Evolution of Multi-objective Sorting Model for Classified TAB Commodity Flow

1 Overview

The category TAB product flow is the product recommendation flow in all TABs except the "recommended" page on the purchase page of the Dewu app, such as "shoes", "bags" and so on. When the user enters the category TAB, we can simplify it into the product flow recommendation given the <userId, tabId, itemId> triplet. It can be seen that the biggest difference between the category TAB recommendation scenario and other "open" recommendation scenarios is that, It is a recommendation under limited conditions (category), which has a little similarity with the search scene. The category TAB represents the user's category intention. With our current iteration progress, we mainly focus on the binary modeling of <userId, ItemId> at this stage. In fact, <userId, tabId> refers to the correlation between user behavior and TAB, and <tabId, itemId> refers to TAB. The correlation with the product is what we need to consider in our subsequent differentiated modeling; the following related progress mainly describes the landing iteration of the more general product recommendation model. We use a multi-objective ranking model as the refinement strategy.

2. Model

2.1 Base ESMM

From the multi-objective learning paradigm, we choose the paradigm of the ESMM model as our refined ranking model. We will not elaborate on the introduction of ESMM here. For details, please refer to the paper. From the paper, we know that the architecture of ESMM is as follows:

The baseline model in the business is to replace the MLP layer in the above figure with the structure of the DeepFM model, and add the FM structure to learn cross-information. However, on the whole, the model is still relatively shallow, and there is no more extraction of the user's information representation. For this reason, we have upgraded the model structure.

2.2 Overall structure of the model

Our current modeling is <userId, itemId>. From the perspective of sample representation, item is a relatively dense and stable part. In the environment of large samples, most of the information can be expressed by id embedding. On the contrary, user The part is relatively sparse, and the description of the user requires a large number of generalization features. The introduction and modeling of user sequence behavior can greatly enhance the discrimination between samples, thereby improving the classification performance of the model. Therefore, we introduce a user modeling module to characterize user interests.

From the overall structure of the model, we do not change the learning paradigm of ESMM. We only improve the structure of generating ctr logits and cvr logits. The overall model structure is shown in the figure:

The structure of Deep Interest Transformer is as follows:

Overall, we can see that for the ctr task and the cvr task, each task has its own main net and bias net; the user vector learned by the user interest modeling module is shared by the two tasks, namely the interest transformer As an information extraction module, the extracted information is concat with other representations such as cross features as the underlying shared information.

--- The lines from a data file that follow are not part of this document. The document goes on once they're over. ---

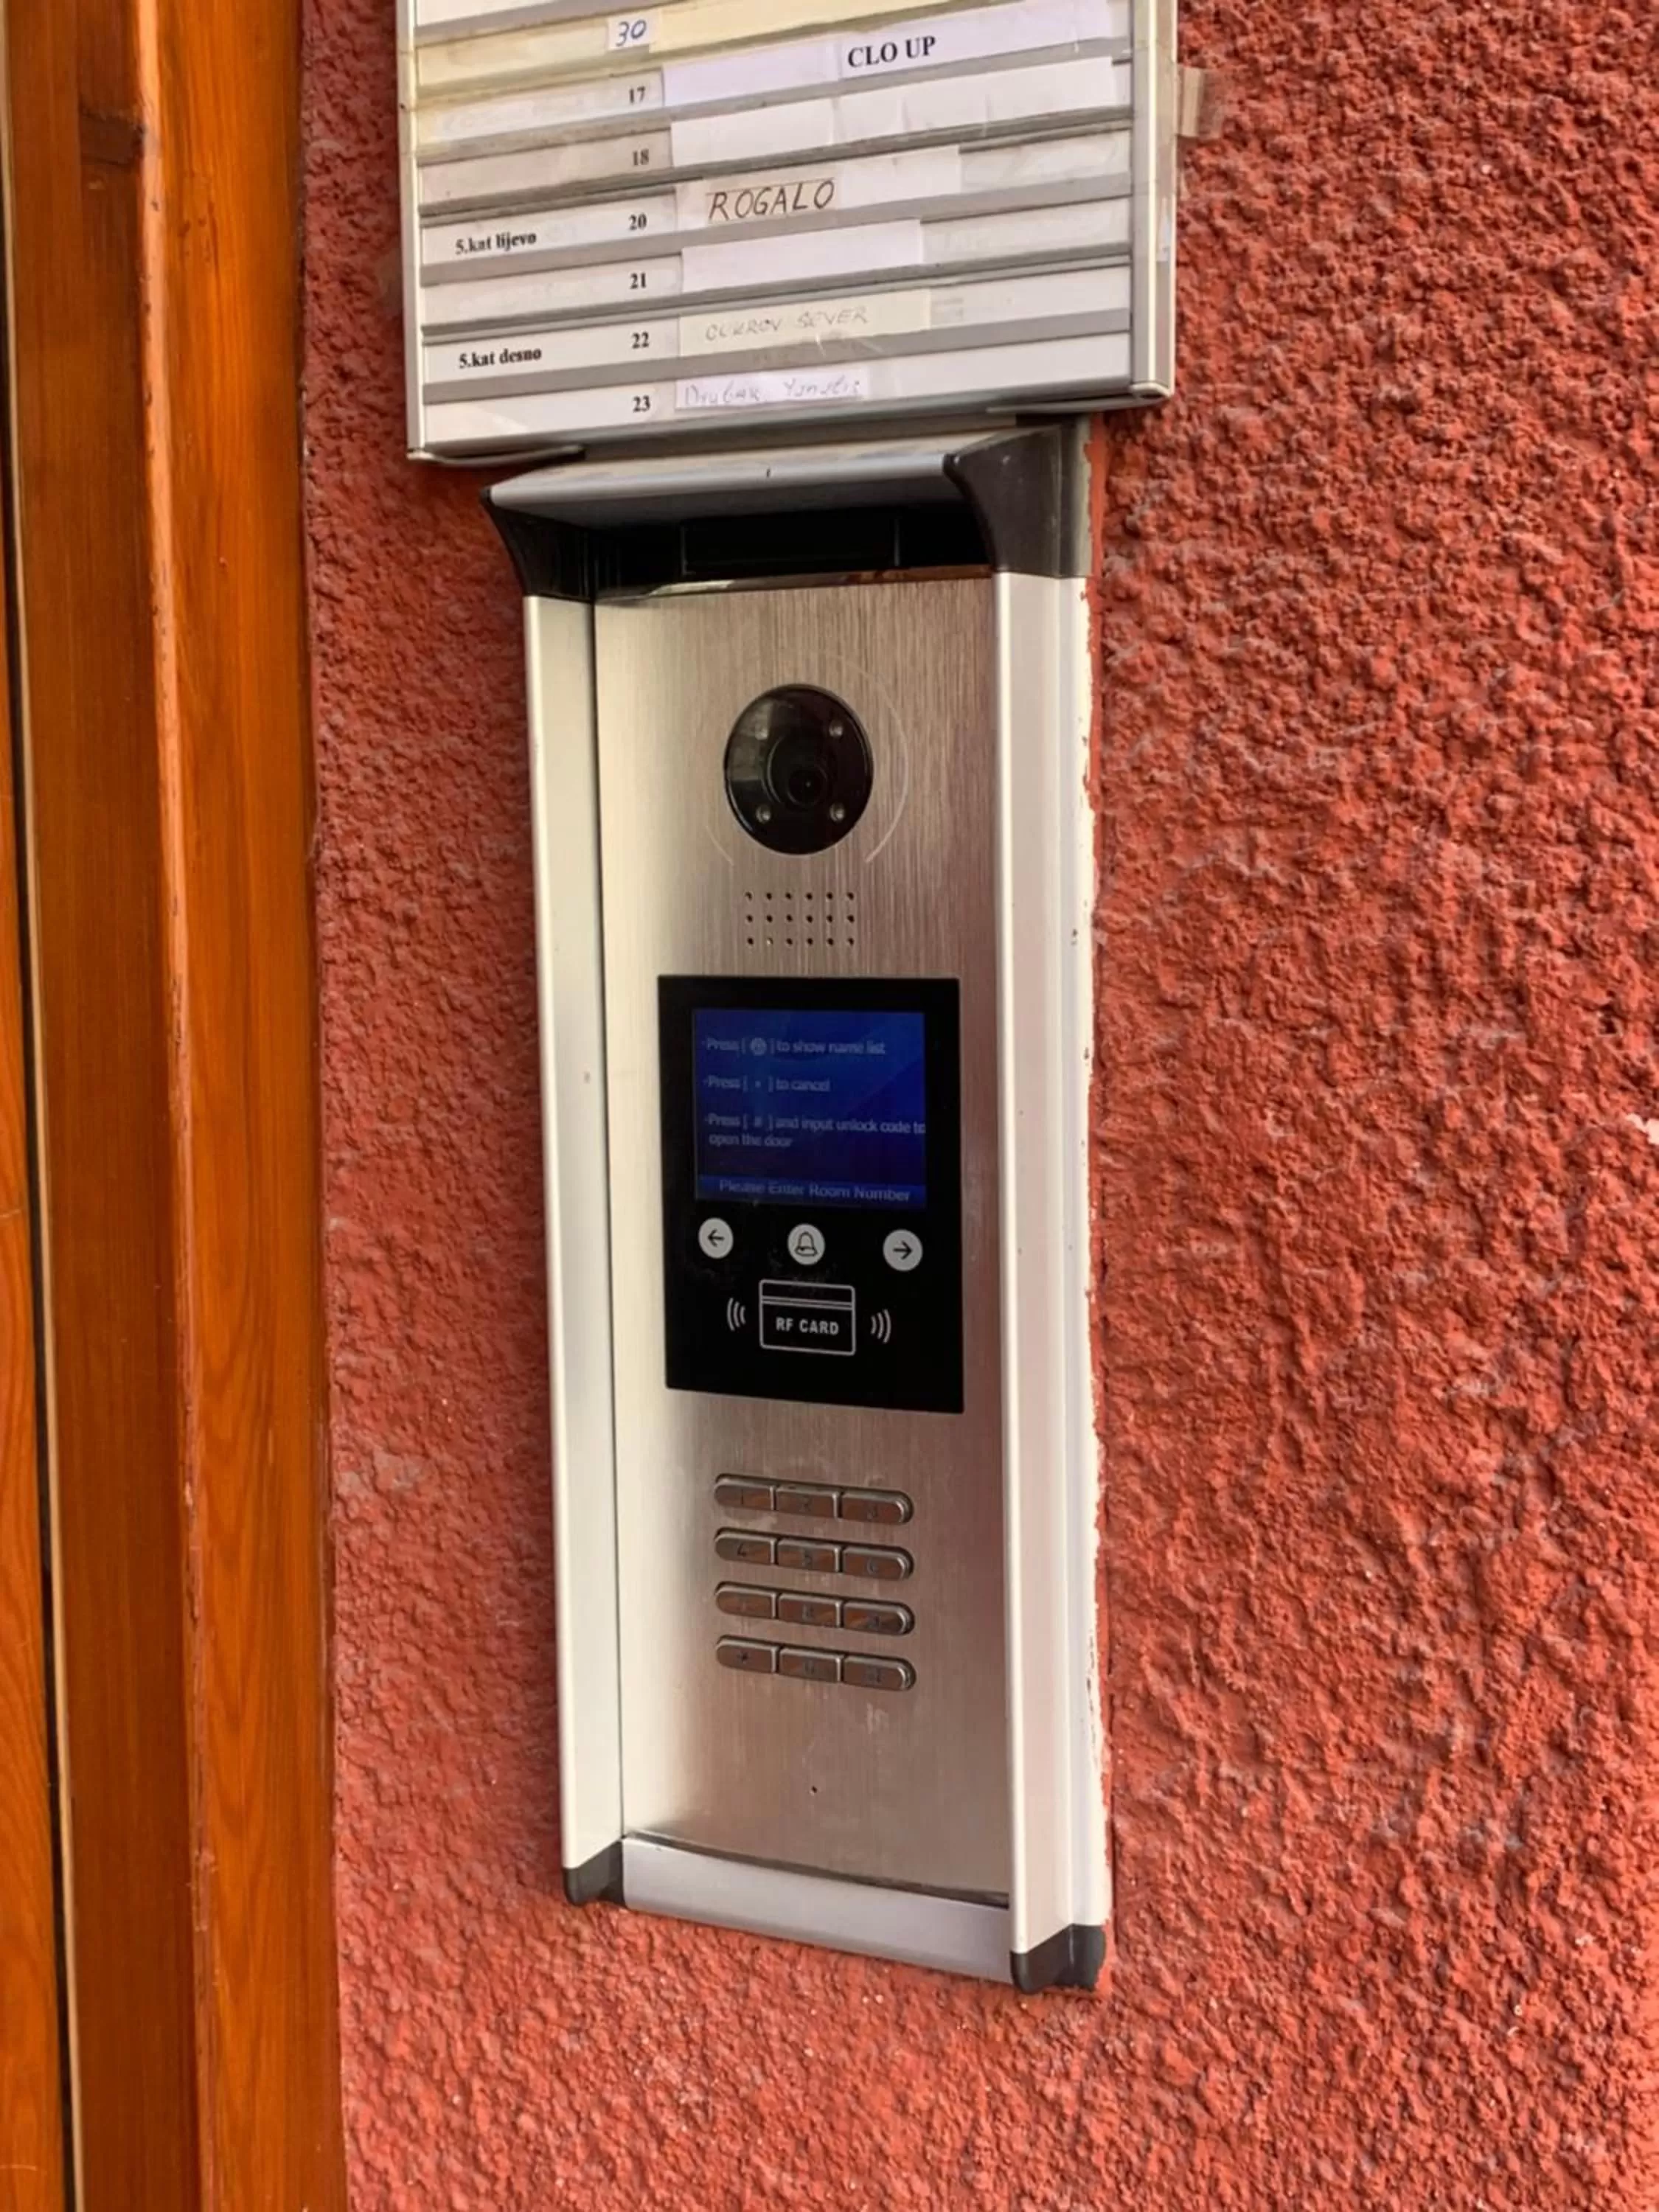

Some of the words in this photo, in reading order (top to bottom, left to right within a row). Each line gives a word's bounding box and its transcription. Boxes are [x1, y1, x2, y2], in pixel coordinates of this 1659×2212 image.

[615, 19, 648, 47] 30
[847, 41, 899, 68] CLO
[905, 35, 936, 59] UP
[629, 86, 646, 104] 17
[632, 148, 650, 167] 18
[708, 180, 835, 221] ROGALO
[628, 213, 648, 231] 20
[455, 237, 492, 255] 5.kat
[495, 232, 537, 251] lijevo
[630, 272, 647, 290] 21
[631, 332, 650, 349] 22
[459, 352, 495, 369] 5.kat
[499, 347, 542, 364] desno
[632, 395, 651, 414] 23
[776, 1038, 789, 1051] to
[793, 1039, 825, 1053] show
[829, 1041, 864, 1055] name
[866, 1039, 886, 1054] list
[775, 1079, 789, 1091] to
[791, 1079, 830, 1093] cancel
[776, 1116, 800, 1130] and
[802, 1117, 834, 1133] input
[837, 1119, 877, 1133] unlock
[880, 1121, 911, 1135] code
[913, 1121, 926, 1135] to
[709, 1134, 740, 1148] open
[742, 1132, 762, 1147] the
[764, 1133, 793, 1147] door
[719, 1179, 766, 1194] Please
[768, 1182, 804, 1196] Enter
[808, 1184, 851, 1199] Room
[853, 1186, 911, 1202] Number
[775, 1316, 794, 1332] RF
[799, 1318, 840, 1335] CARD

2.2.1 User behavior sequence modeling

We consider a user's behavior to be relevant to the item they click on next, or an important attribute such as the same category, brand, or series. In order to disassemble and analyze the impact of the correlation between the user behavior sequence and the recommended products on the recommendation efficiency, we take the three-level category of the product as the analysis dimension, as follows:

We analyze the behavior logs of users on the tab commodity flow line, and draw the relationship between the three-level category of the target item and the three-level category of the user behavior sequence commodity on the recommendation efficiency, as shown in the following figure:

The abscissa is the category of the recommended commodity and the category of the user's behavior sequence, and the number of behavioral commodities in the same three-level category in the sequence; the ordinate is pvctr; The more relevant the product categories in the user behavior sequence, the higher the pvctr. Of course, intuitively, the longer the click sequence (the higher the user activity), the higher the click rate. For this reason, we analyzed the relationship between the sequence length and pvctr, as shown in the following figure:

Obviously, the deviation of user activity also affects pvctr, but through comparison, it can be clearly seen that the influence of user activity on pvctr has a small trend (slope); The trend of commodity category correlation is relatively obvious.

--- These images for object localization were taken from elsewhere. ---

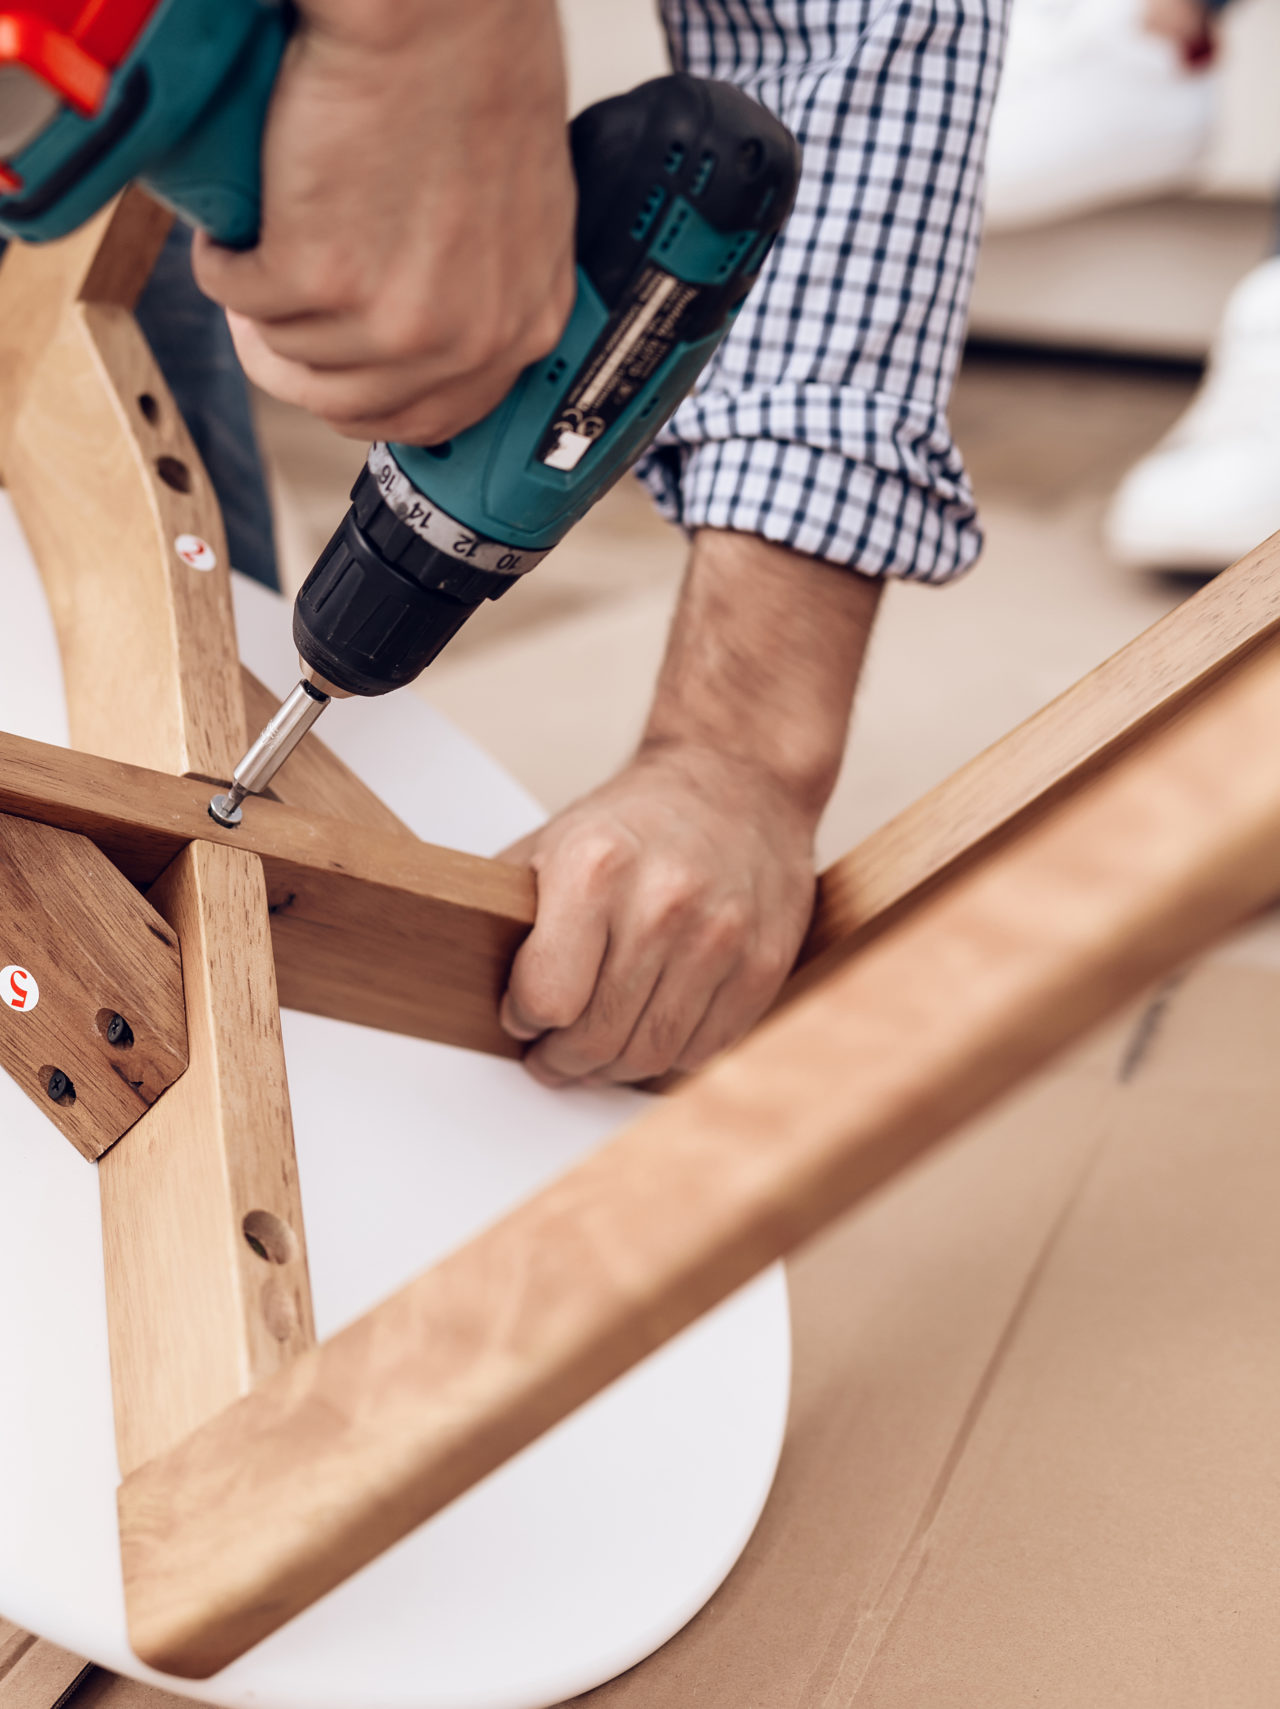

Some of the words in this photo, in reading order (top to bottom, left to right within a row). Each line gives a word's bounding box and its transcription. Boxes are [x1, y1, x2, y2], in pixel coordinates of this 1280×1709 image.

[379, 465, 396, 492] 16
[408, 502, 433, 529] 14
[181, 541, 205, 563] 2
[452, 533, 481, 558] 12
[497, 553, 522, 570] 10
[9, 970, 28, 1008] 5

And how to model the correlation between scoring products and user behavior sequences, attention is obviously a reliable method, self-attention can model the correlation between each product in the user behavior sequence, and target-attention is to build A method to model the correlation between candidate products and user behavior sequences.

The Deep Interest Transformer in the model is a structure for learning user representation. We select the user's behavior sequence: real-time purchase, click to buy immediately, collection, click commodity behavior, purchase within 7 days, click to buy immediately, favorite, click commodity behavior, and integrate A user behavior sequence with a length of 120. The excess length is truncated, and the insufficient length is filled by default.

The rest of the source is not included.